38. Rintik Perasaan
Leony tampak menengadahkan kepalanya. Menatap ke atas sana, pada langit mendung yang sudah menumpahkan airnya sekitar setengah jam yang lalu. Disertai oleh sedikit angin yang berembus beberapa kali. Layaknya memberika isyarat pada semua manusia di sana bahwa hujan tidak akan berhenti dalam waktu dekat.
Lantas Leony beralih pada pesan yang masuk ke ponselnya. Tentu saja, itu dari Eros.
[ Hubby ]
[ Ny, kamu masih di kantor? ]
[ Ini sebenarnya aku udah di jalan. ]
[ Tapi, lagi beteduh bentar di halte. ]
[ Gimana? ]
[ Kamu tetap mau nungguin aku atau mau balik naik taksi aja? ]
[ Ehm ... ntar kamu keujanan loh bareng aku. ]
Leony tau itu. Kalau ia pulang bersama Eros dengan mengendarai motor, pastilah dirinya akan kehujanan. Walau mereka bisa mengenakan mantel hujan, tetap saja. Sedikit banyak Leony pasti akan merasa kedinginan. Dan layaknya pemikiran mereka sama, Eros kembali mengiriminya pesan.
[ Hubby ]
[ Ntar kamu dan Dedek sakit lagi, Ny. ]
Leony menarik napas dalam-dalam. Tanpa sadar, ia mengusap perutnya yang makin hari makin membuncit. Seperti tengah mempertimbangkan pilihan yang ia punya sore itu.
"Belum balik, Ny?"
Satu suara yang menyapa indra pendengarannya, membuat Leony berpaling. Dan menemukan bahwa Sony yang baru keluar dari kantor, menghampiri dirinya. Tidak langsung beranjak dari pelataran kantor mereka.
Leony tersenyum tipis, menggeleng sekali. "Belum. Hujannya lumayan lebat juga sih, Son. Nggak tau deh kapan bakal berentinya."
Mengembuskan napas, Sony lantas melihat ke atas. Dalam hati membenarkan perkataan Leony. Dengan warna kelabu yang tampak begitu gelap, tentu saja cukup menjadi tanda bahwa ada banyak stok air yang perlu ditumpahkan kala itu. Dan itu pasti membutuhkan waktu yang lumayan lama. Tapi, kalau begitu apa artinya Leony tidak akan pulang sebelum hujan berhenti?
Eh?
Yang bener aja.
"Ehm ...."
Sony terdengar mendehem sejenak, seraya tangannya yang masuk ke saku celana. Mengeluarkan kunci mobilnya.
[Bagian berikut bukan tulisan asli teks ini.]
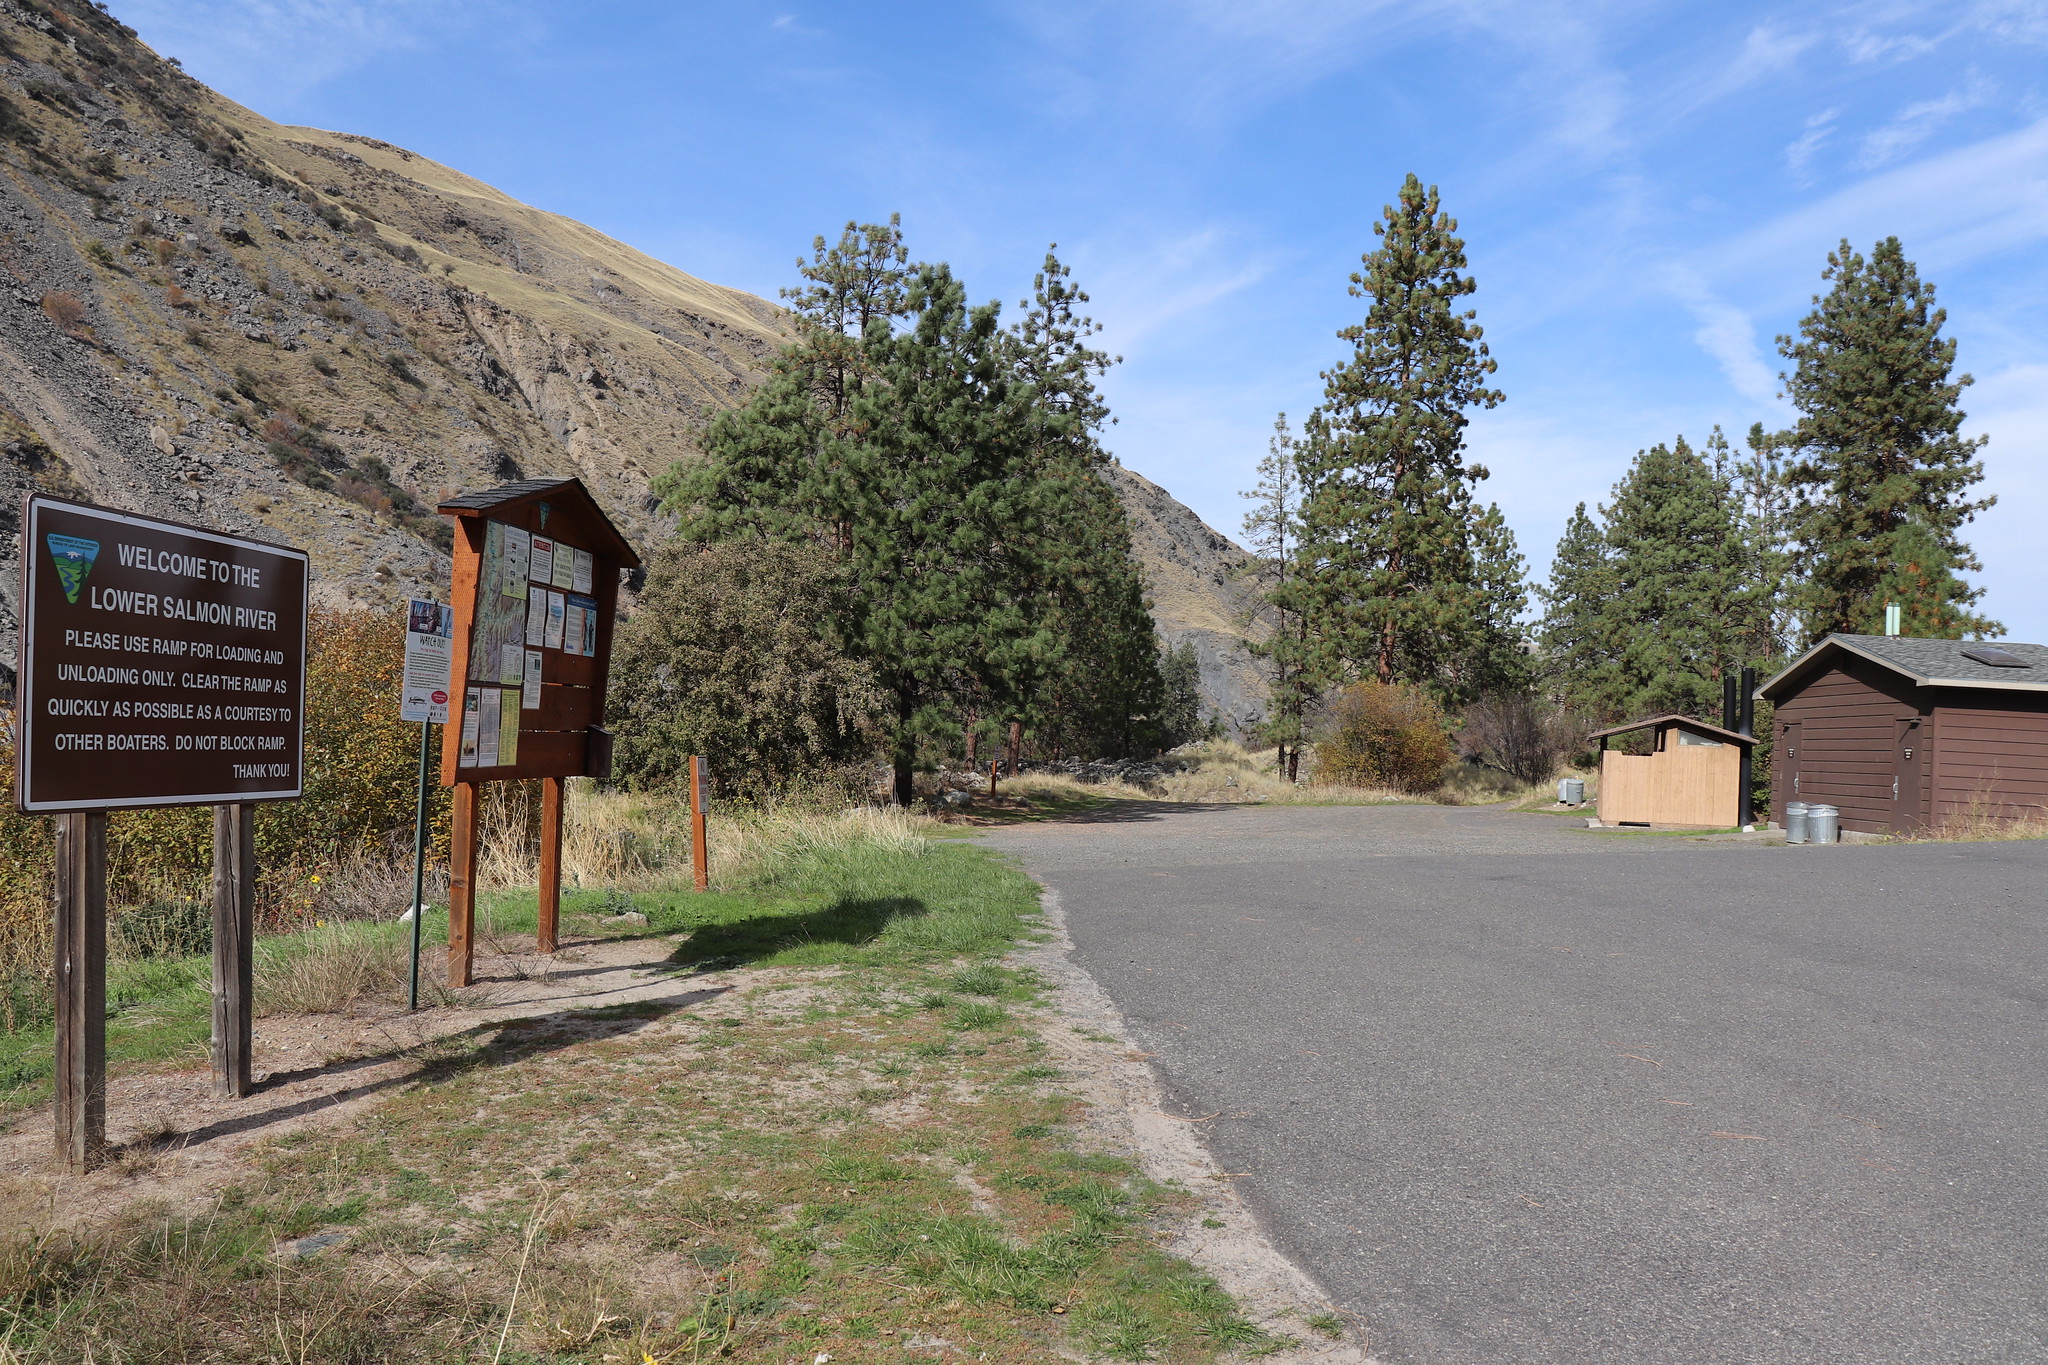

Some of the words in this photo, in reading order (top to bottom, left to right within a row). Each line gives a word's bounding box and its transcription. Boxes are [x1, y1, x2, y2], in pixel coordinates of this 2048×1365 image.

[117, 544, 206, 580] WELCOME
[210, 561, 229, 583] TO
[232, 565, 259, 589] THE
[91, 587, 157, 617] LOWER
[162, 597, 230, 626] SALMON
[235, 607, 276, 632] RIVER
[65, 630, 119, 651] PLEASE
[124, 636, 149, 653] USE
[153, 639, 187, 656] RAMP
[190, 643, 213, 659] FOR
[216, 646, 261, 663] LOADING
[263, 651, 283, 665] AND
[58, 664, 138, 685] UNLOADING
[142, 670, 176, 687] ONLY.
[181, 673, 219, 690] CLEAR
[221, 676, 241, 691] THE
[243, 678, 271, 693] RAMP
[273, 680, 286, 694] AS
[47, 699, 109, 717] QUICKLY
[112, 702, 130, 718] AS
[134, 703, 193, 719] POSSIBLE
[196, 705, 211, 720] AS
[215, 706, 221, 720] A
[224, 706, 277, 722] COURTESY
[279, 709, 291, 723] TO
[55, 734, 103, 751] OTHER
[107, 735, 170, 751] BOATERS.
[175, 736, 192, 751] DO
[195, 736, 217, 751] NOT
[220, 736, 255, 751] BLOCK
[257, 737, 286, 750] RAMP.
[232, 764, 266, 779] THANK
[267, 764, 290, 778] YOU!
"Ini kayaknya emang nggak bakal berenti dalam waktu dekat deh. Bisa-bisa malam ntar baru berenti," lanjut Sony kemudian. "Atau ... kamu mau balik bareng aku?"
Tak mengira akan mendapat tawaran itu, Leony sontak memberikan respon yang amat alamiah. Ia tampak kaget dengan mata yang sedikit membesar.
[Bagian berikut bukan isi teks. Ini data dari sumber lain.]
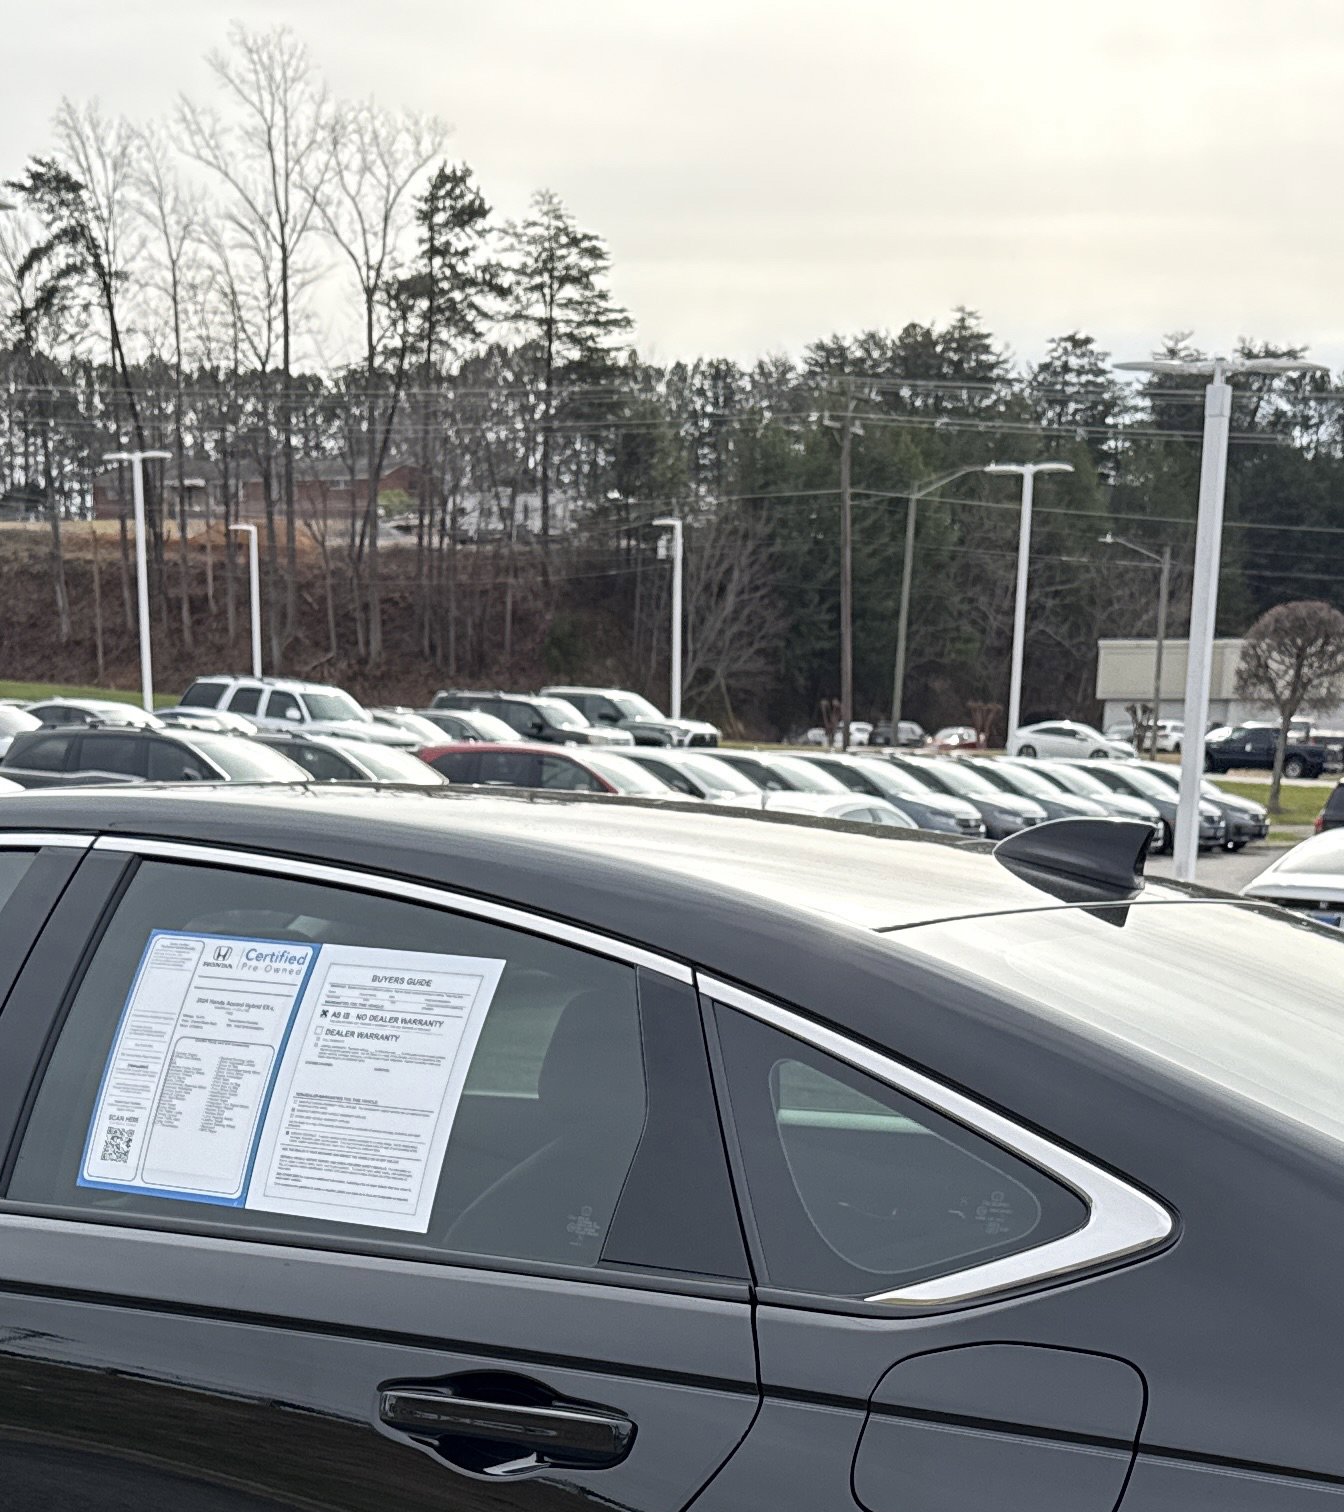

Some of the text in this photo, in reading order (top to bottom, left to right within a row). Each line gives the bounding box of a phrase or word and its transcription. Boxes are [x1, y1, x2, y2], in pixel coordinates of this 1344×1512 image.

[245, 948, 308, 966] Certified
[241, 963, 302, 976] Pre Owned
[372, 975, 433, 987] BUYERS GUIDE
[369, 1014, 399, 1024] DEALER
[400, 1017, 444, 1028] WARRANTY
[325, 1028, 355, 1039] DEALER
[356, 1031, 400, 1042] WARRANTY
"Ya ... timbang kamu kehujanan kan?" tanya Sony kemudian. "Lagian kelamaan nunggu di sini ntar kamu masuk angin lagi. Terus kalau hujannya nggak berenti gimana? Kamu mau di sini terus? Bisa-bisa malam ntar lagi kamu balik."
"Ehm ... itu ...."
"Gimana?" tanya Sony lagi. "Mau?"
Leony mengusap tangannya, tepat ketika angin kembali berembus. Membawa hawa dingin yang sekejap membuat cewek itu merasa bergidik. Namun, itu belum benar-benar membuat ia bergidik sebelum ia mendengar Sony kembali berkata padanya.
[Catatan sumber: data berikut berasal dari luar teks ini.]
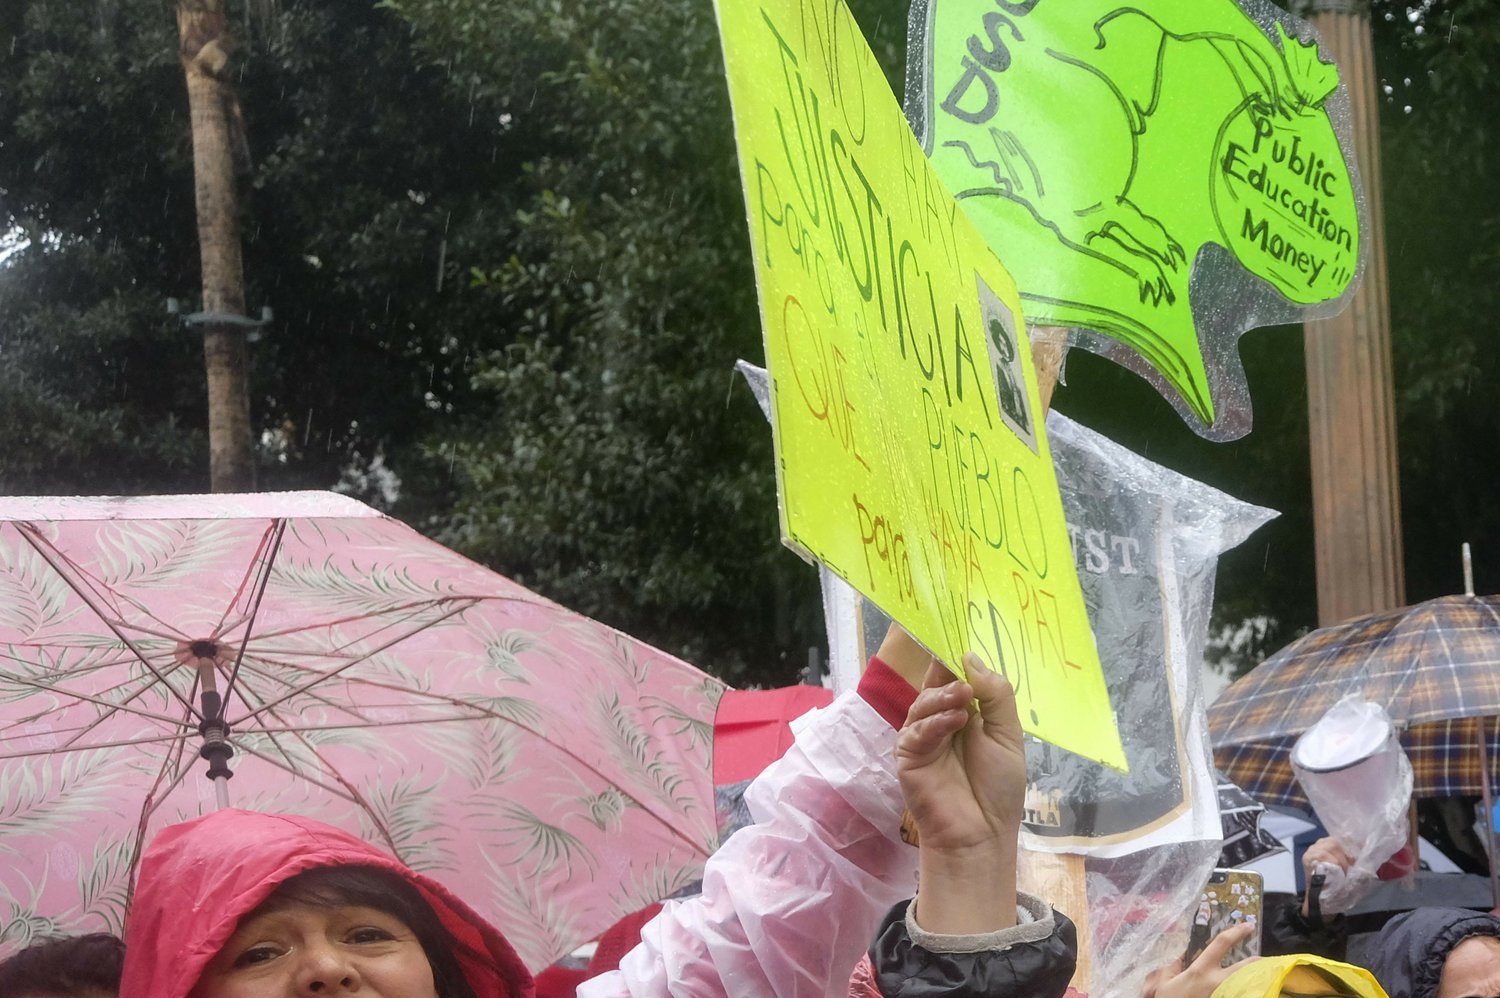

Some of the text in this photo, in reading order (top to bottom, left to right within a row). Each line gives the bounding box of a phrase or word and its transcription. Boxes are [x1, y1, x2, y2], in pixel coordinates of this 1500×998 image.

[1222, 141, 1352, 252] Education
[1252, 117, 1337, 198] Public
[759, 7, 992, 430] JUSTICIA
[1240, 207, 1328, 288] Money
[921, 387, 1049, 580] PUEBLO
[1012, 569, 1082, 678] PAZ
"Tuh kan. Kamu udah kedinginan di sini. Pake jaket aku aja deh."
"Eh?"
Leony mengerjapkan matanya. Melihat bagaimana Sony tampak mengeluarkan satu persatu tangannya dari lengan jaket yang ia kenakan. Hingga tak butuh waktu lama, nyaris hanya lima detik, jaket itu pun lantas terulur pada Leony.
"Pake deh. Terus aku antar kamu balik. Kamu tinggal di mana?"
Belum menyambut jaket itu, Leony merasa saat itu seperti waktu yang berhenti bergerak. Seperti ia yang sedang bingung dengan situasi saat itu.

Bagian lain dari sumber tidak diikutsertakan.